I made a terrible mistake for at least half of my reading of Elena Knows (Elena Sabe, in the original Spanish) by the multi-awarded Argentinian author Claudia Piñeiro, translated from Spanish by Frances Riddle: I desperately look for a mystery/thriller red thread. So desperately that I was about to give up the moment when I figured out that, in fact, the book has a completely different spin. However, as I continued to read the book, I realized that just opening your mind to a book, without counting on any genre-related label may be a much better way to appreciate a story.

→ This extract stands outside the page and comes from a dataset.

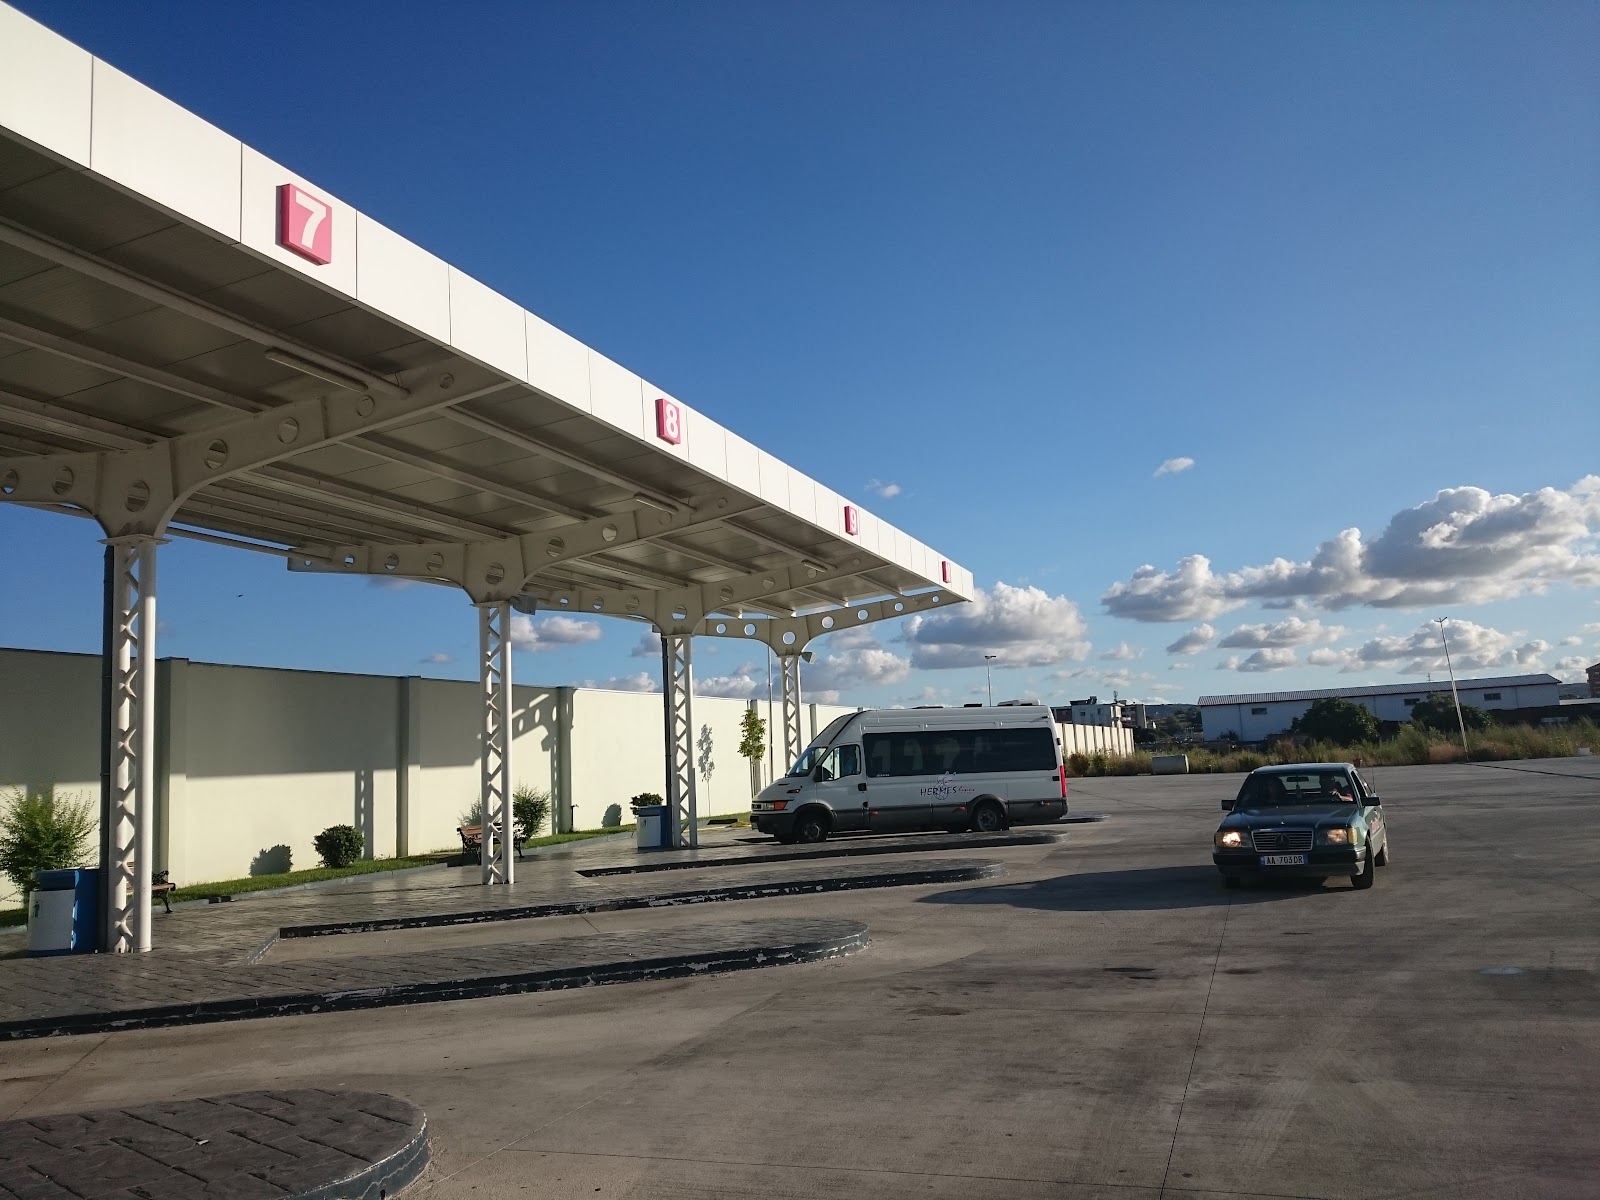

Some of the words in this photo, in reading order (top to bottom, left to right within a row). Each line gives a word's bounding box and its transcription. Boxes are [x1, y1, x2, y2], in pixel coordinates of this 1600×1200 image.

Rita is dead. She was found hanging from the church belfry. Her mother, Elena, does not believe the official version of a suicide. Rita always avoided the church on a rainy day and when she died, it was raining. Although coping with an advanced form of Parkinson´s, Elena decided to go to Buenos Aires to meet someone that may know why Rita is dead. Maybe that person is the perpetrator of the crime herself.
´Elena knows that her daughter was murdered. She doesn´t know who did it or why. She can´t figure out the motive. She can´t see it´.
The journey - the storyline and the reading - takes a couple of hours only, but the slow pace is intense because builds up: expectations, mystery, body weights. A confrontations of bodies: Rita´s stiff body being taken down from the church belfry vs. Elena´s body controled by ´Herself´, her illness. The lonely lives of two women, out of which only one, the most fragile is left. Bodies controlled by society, men´s desires, the church and their priests. Bodies that are expected to give birth and be mothers when men are just disappearing. Bodies shaped more by society than by the freedom of desire.
The writing - and subsequently, the translation - is excellent. Elena has a well defined voice and the dramatic references to her body´s decline are deeply emotional. But actually, it is less about Elena, but about Rita and how we react faced with the physical impairment of those we love. Sometimes, the cruelty of life is stronger than the power keeping us alive.